→ **Spatial localization data**
★ ★ ★
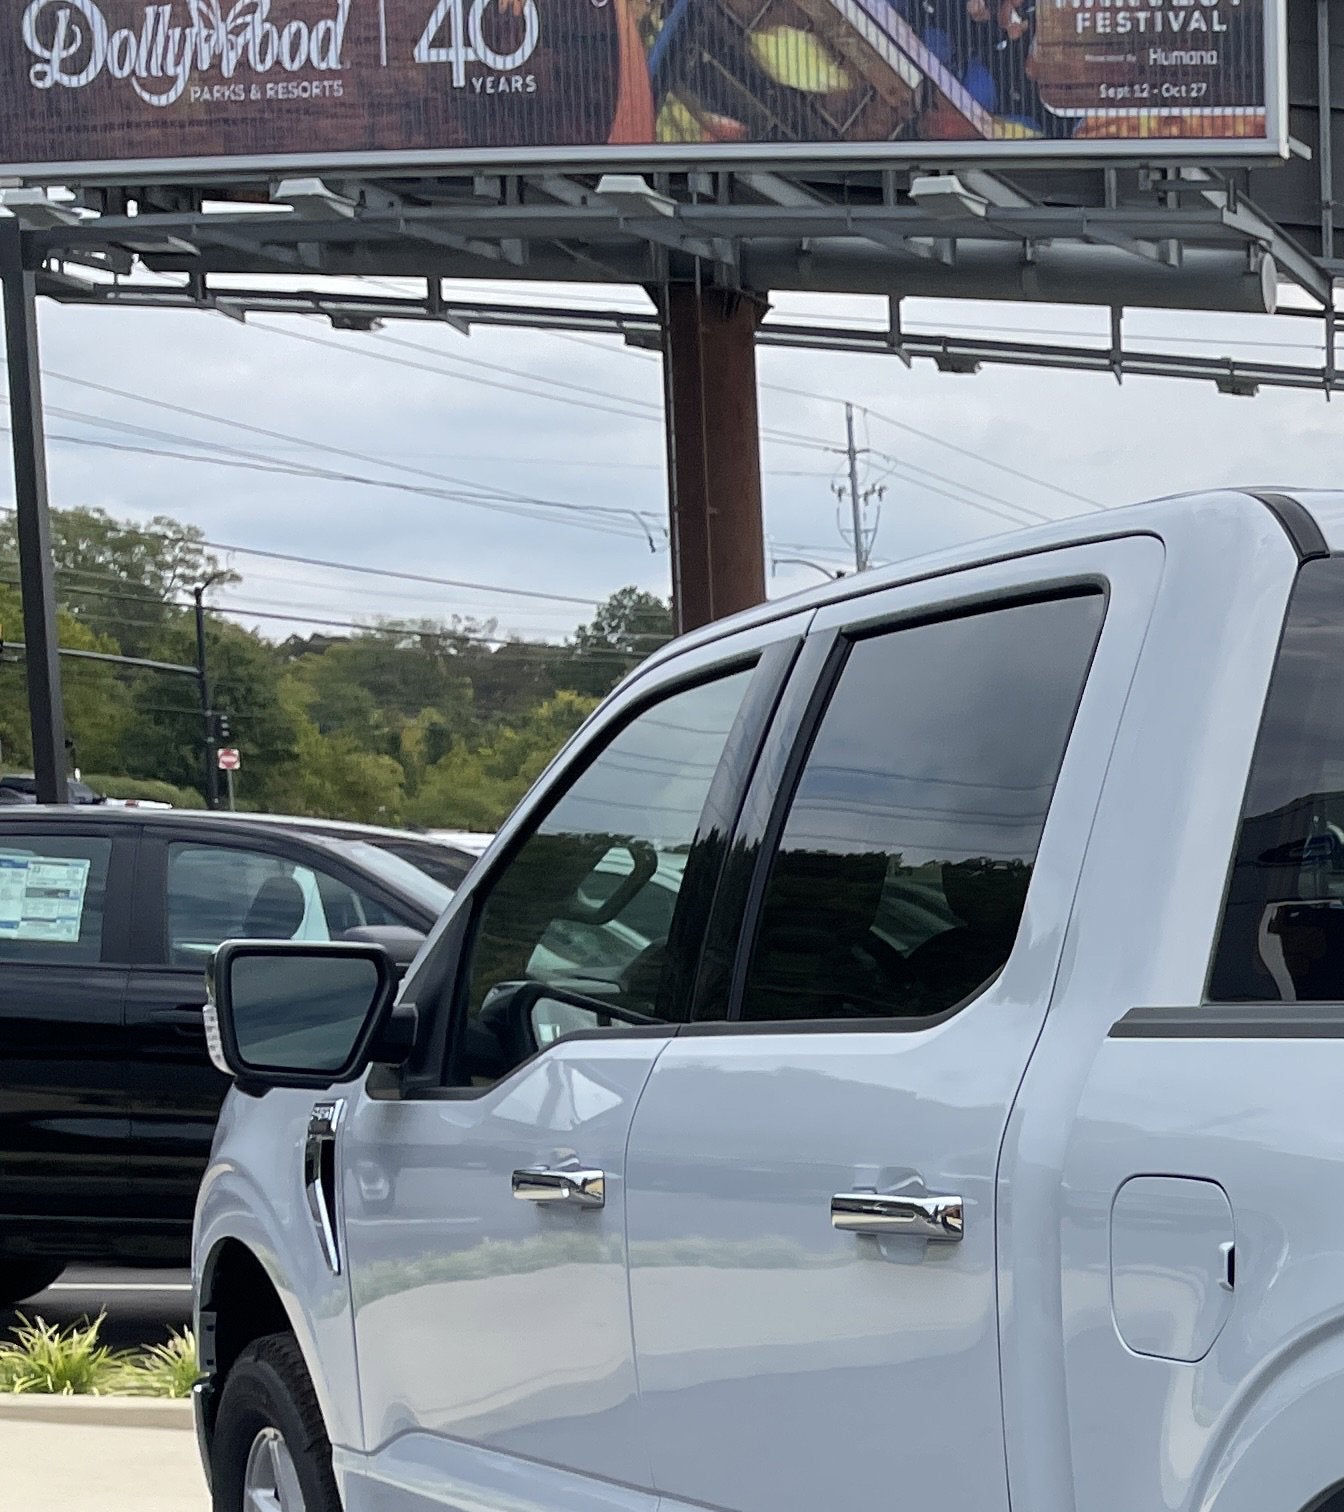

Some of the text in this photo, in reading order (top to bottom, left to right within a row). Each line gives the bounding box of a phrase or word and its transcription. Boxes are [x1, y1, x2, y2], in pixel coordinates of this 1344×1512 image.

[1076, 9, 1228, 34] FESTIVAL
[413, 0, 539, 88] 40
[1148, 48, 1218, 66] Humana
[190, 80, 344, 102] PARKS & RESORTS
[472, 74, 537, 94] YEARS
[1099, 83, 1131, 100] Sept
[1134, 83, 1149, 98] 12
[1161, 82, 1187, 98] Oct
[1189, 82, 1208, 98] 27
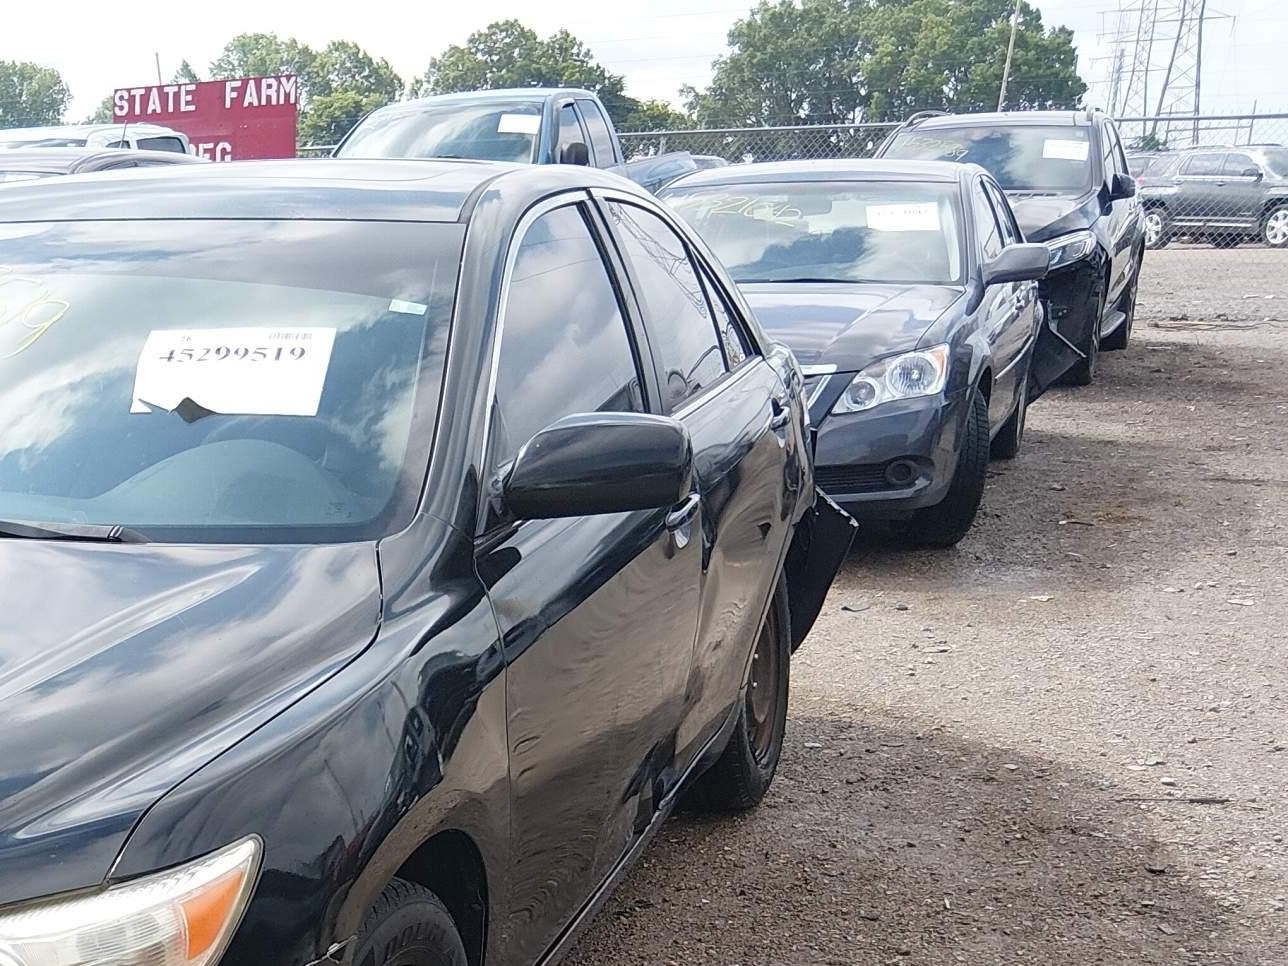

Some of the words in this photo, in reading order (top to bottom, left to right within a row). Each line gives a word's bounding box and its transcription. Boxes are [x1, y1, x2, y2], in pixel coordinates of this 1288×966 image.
★ ★ ★
→ **Required action**
Each record above should be restated word for word. The pictures should not appear.

→ **Answer to the exercise**
Some of the text in this photo, in reading order (top to bottom, left to right within a row). Each line gives the bounding box of a phrase or word and its transcription. Boxes are [x1, y1, x2, y2], in pixel coordinates of this 1344×1512 image.

[1076, 9, 1228, 34] FESTIVAL
[413, 0, 539, 88] 40
[1148, 48, 1218, 66] Humana
[190, 80, 344, 102] PARKS & RESORTS
[472, 74, 537, 94] YEARS
[1099, 83, 1131, 100] Sept
[1134, 83, 1149, 98] 12
[1161, 82, 1187, 98] Oct
[1189, 82, 1208, 98] 27

Some of the words in this photo, in reading order (top to bottom, left to right within a row). Each line gives a word's bounding box and its transcription. Boxes are [x1, y1, x2, y2], in pixel coordinates of this 1288×966 image.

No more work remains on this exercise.